Slain Wash. Ranger Was Living Her Dream

Jan. 2, 2012
Margaret Anderson and her husband were finally working as U.S. park rangers in the same national park while raising a young family.

Jan. 02--Margaret Anderson and her husband, Eric, were living their dream, finally working as U.S. park rangers in the same national park while raising a young family, their relatives said Sunday.

"They had been looking for that for a long time, to be in the same park," Margaret Anderson's father, the Rev. Paul Kritsch, said in a telephone interview.

Kritsch, a Lutheran minister in Scotch Plains, N.J., recalled his 34-year-old daughter's life, hours after she was fatally shot while working at her law-enforcement job in Mount Rainier National Park.

"As you can well imagine, it doesn't seem real," he said of her death.

Margaret and Eric Anderson worked at Mount Rainier for about four years after meeting at a national park in Utah and then moving about the country early in their careers.

The couple's older daughter, Anna, will turn 4 on Feb. 14, Kritsch said.
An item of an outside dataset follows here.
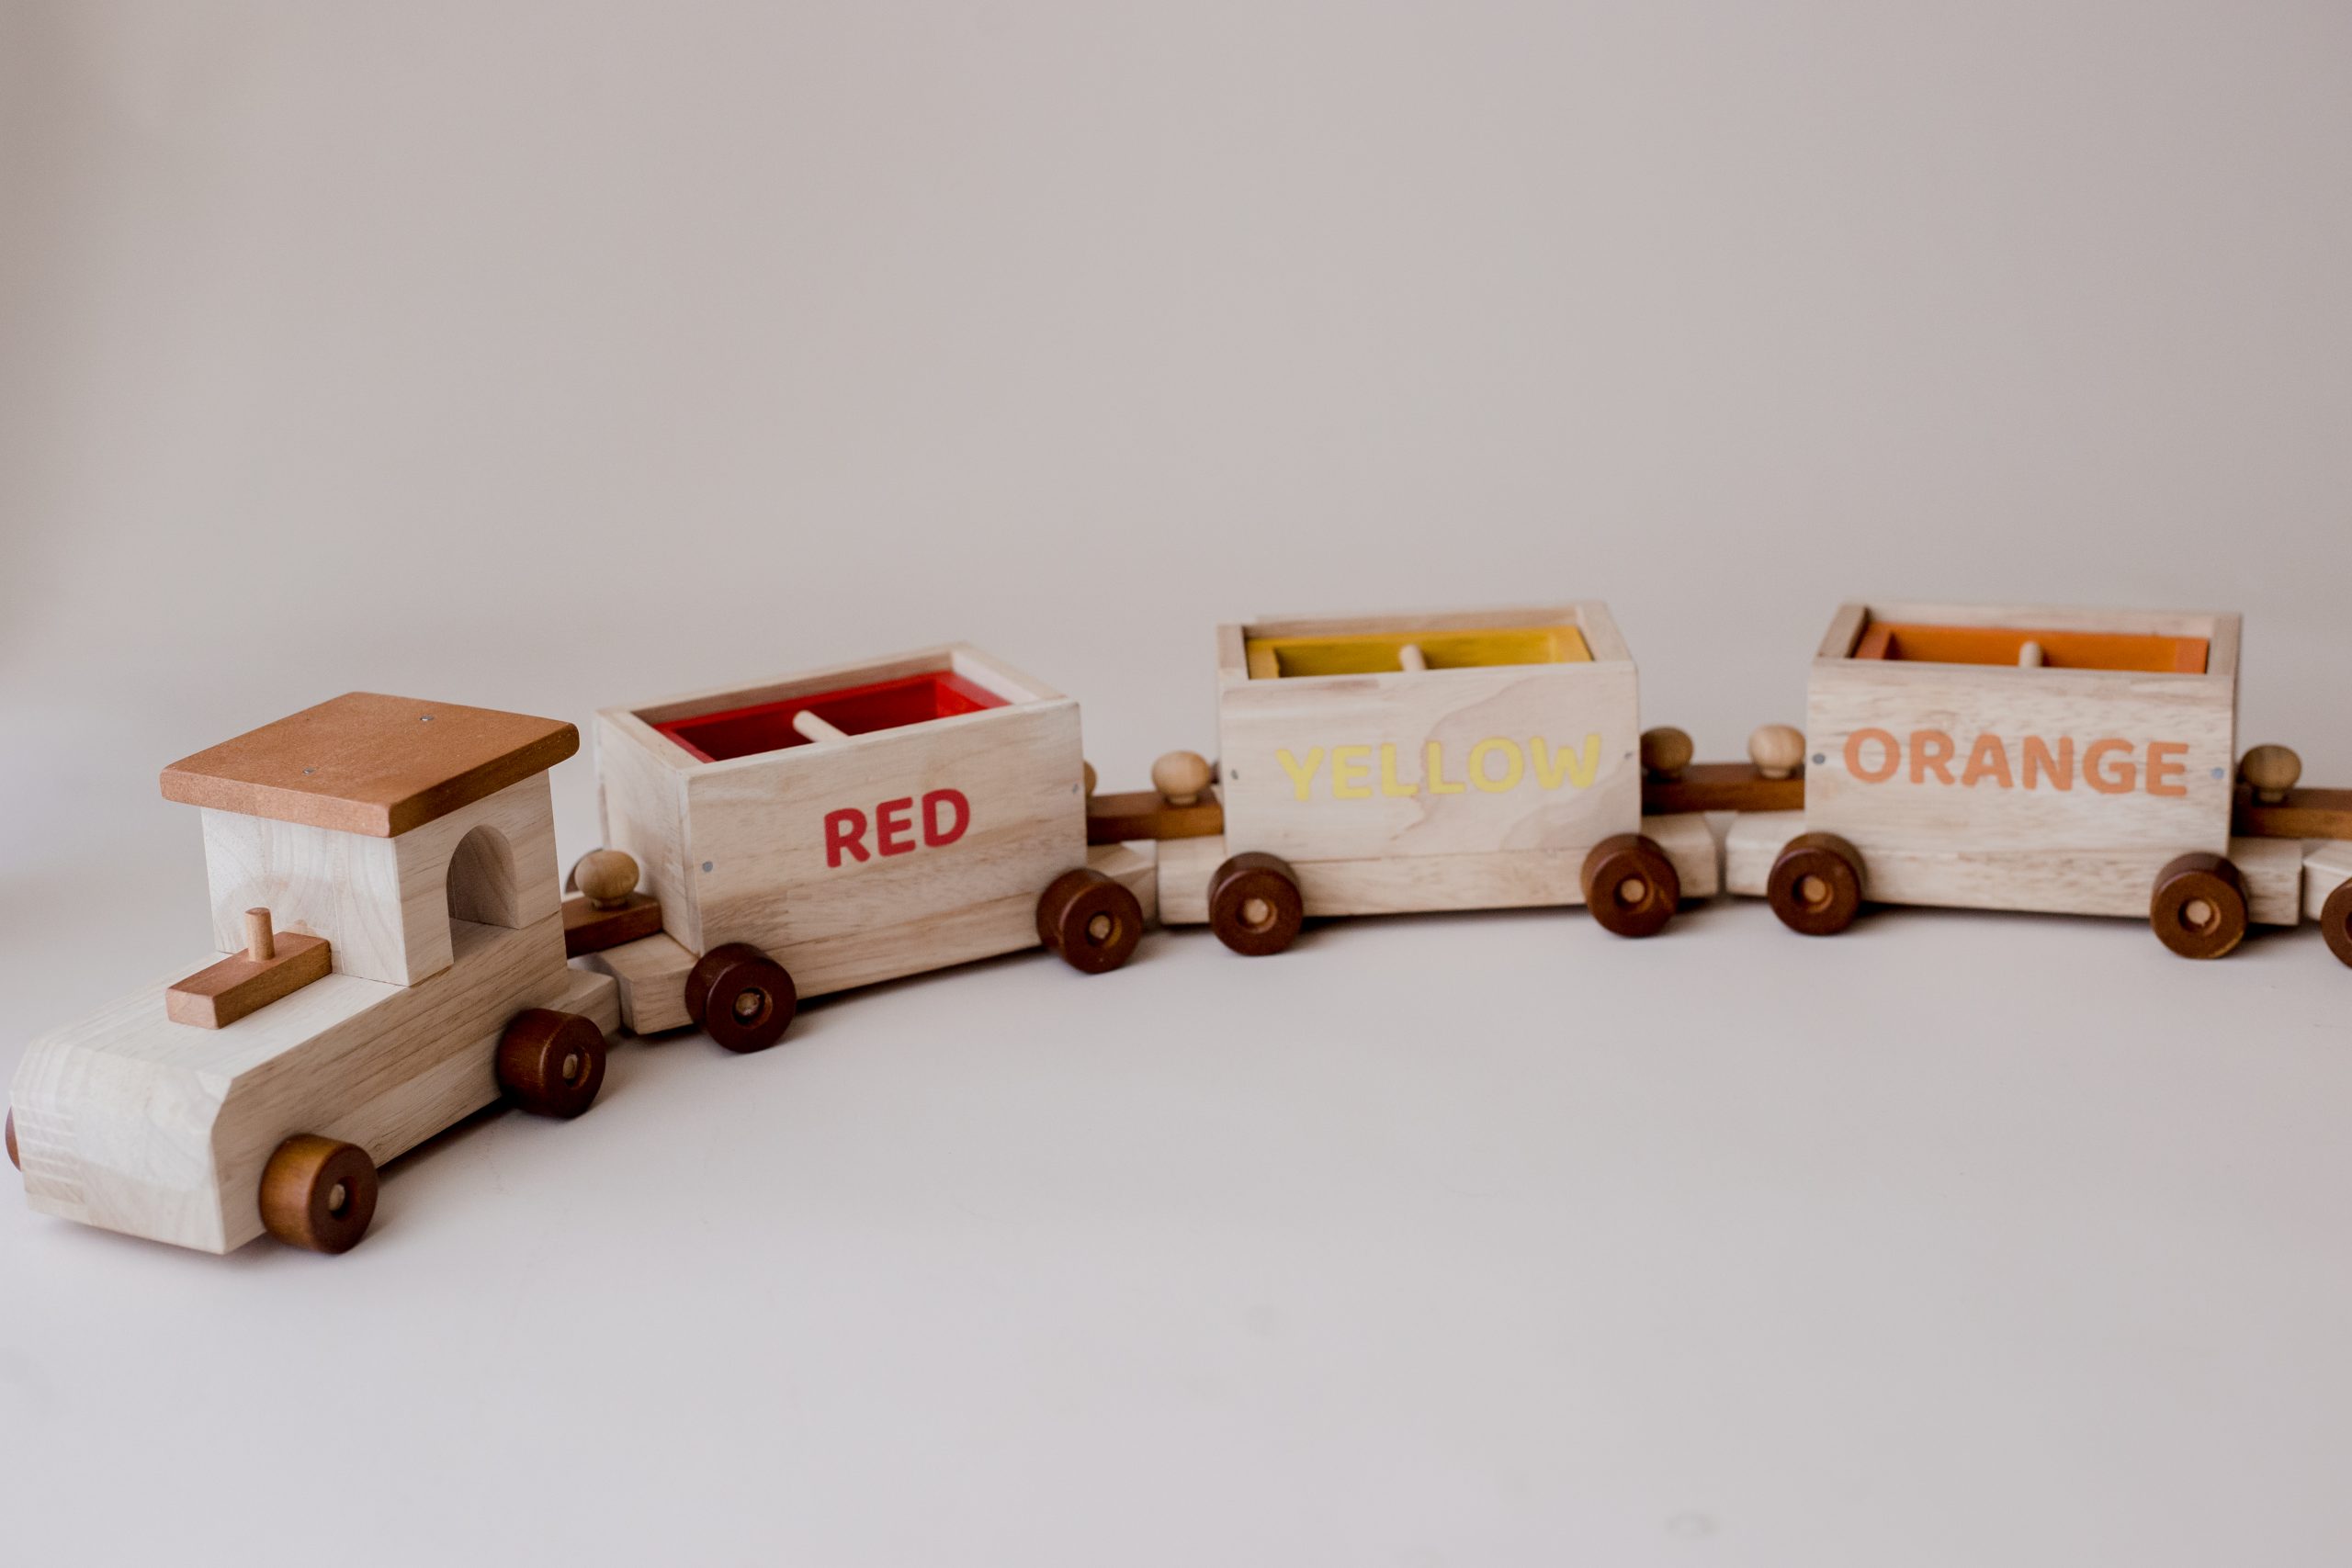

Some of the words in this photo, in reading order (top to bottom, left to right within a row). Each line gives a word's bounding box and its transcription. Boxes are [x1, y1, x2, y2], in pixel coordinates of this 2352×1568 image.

[1276, 734, 1600, 801] YELLOW
[1842, 727, 2190, 798] ORANGE
[824, 789, 971, 868] RED
The younger, Katie, will turn 2 in May.

"Margaret is a wonderful, wonderful young lady," her mother-in-law, Cynthia Anderson, of Hanson, Mass., said in a telephone interview.

Eric Anderson is "devastated" by his wife's slaying, she said, her voice choking with emotion.
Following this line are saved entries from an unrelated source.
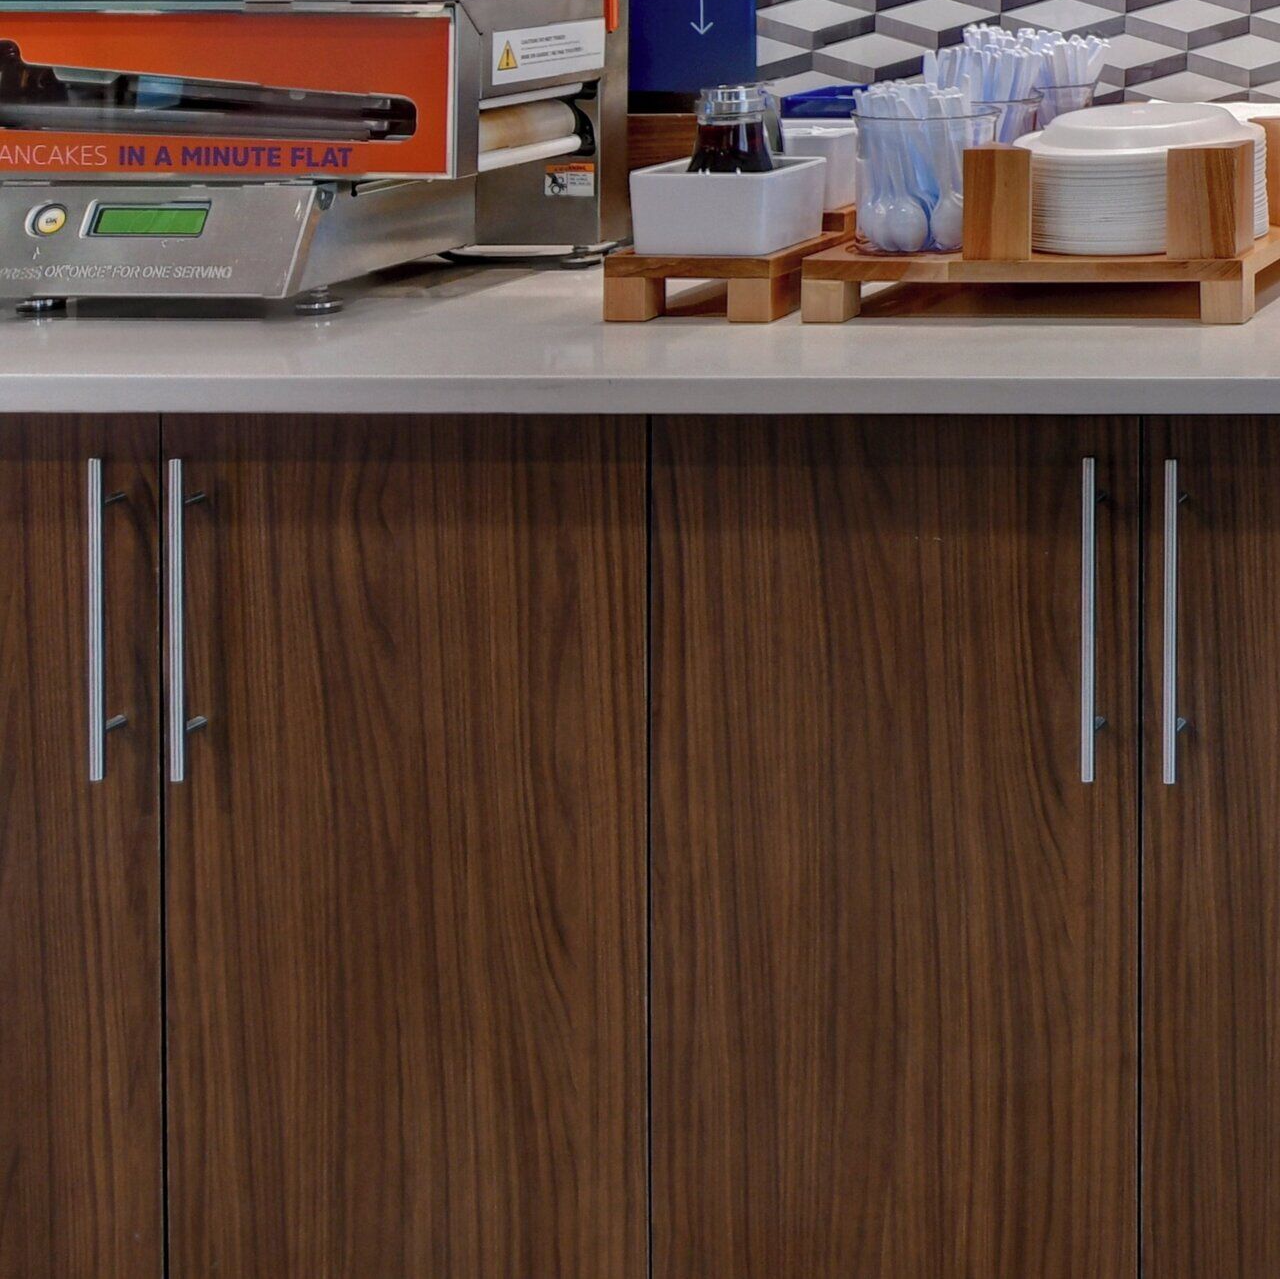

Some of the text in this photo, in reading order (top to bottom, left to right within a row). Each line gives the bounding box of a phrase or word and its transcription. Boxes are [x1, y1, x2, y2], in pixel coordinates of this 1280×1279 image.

[118, 146, 145, 165] IN
[154, 146, 172, 167] A
[180, 146, 281, 167] MINUTE
[290, 147, 353, 168] FLAT
[0, 265, 41, 279] PRESS
[112, 265, 140, 278] FOR
[142, 265, 171, 278] ONE
[173, 265, 232, 278] SERVING
The couple, who lived in Eatonville, met when both worked as park rangers at Bryce Canyon National Park in Utah in the early 2000s.
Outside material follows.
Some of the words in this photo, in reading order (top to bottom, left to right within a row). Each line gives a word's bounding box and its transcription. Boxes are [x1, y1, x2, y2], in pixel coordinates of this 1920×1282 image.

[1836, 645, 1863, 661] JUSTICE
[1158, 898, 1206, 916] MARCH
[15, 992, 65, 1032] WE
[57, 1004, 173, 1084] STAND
Margaret Anderson began as a seasonal ranger at Bryce Canyon, then gained additional federal law-enforcement training in Georgia shortly after the couple married in 2005, her father said.

The two had become engaged in December 2004, while she was living in Harpers Ferry, W.Va., working as a ranger at the nearby Chesapeake and Ohio Canal National Historical Park.

He worked at Yellowstone National Park and later moved to Triangle, Va., working as a ranger in Prince William Forest Park in Virginia, according to a wedding announcement in a New Jersey newspaper.

While on the East Coast, the couple were offered jobs at Mount Rainier, Cynthia Anderson said.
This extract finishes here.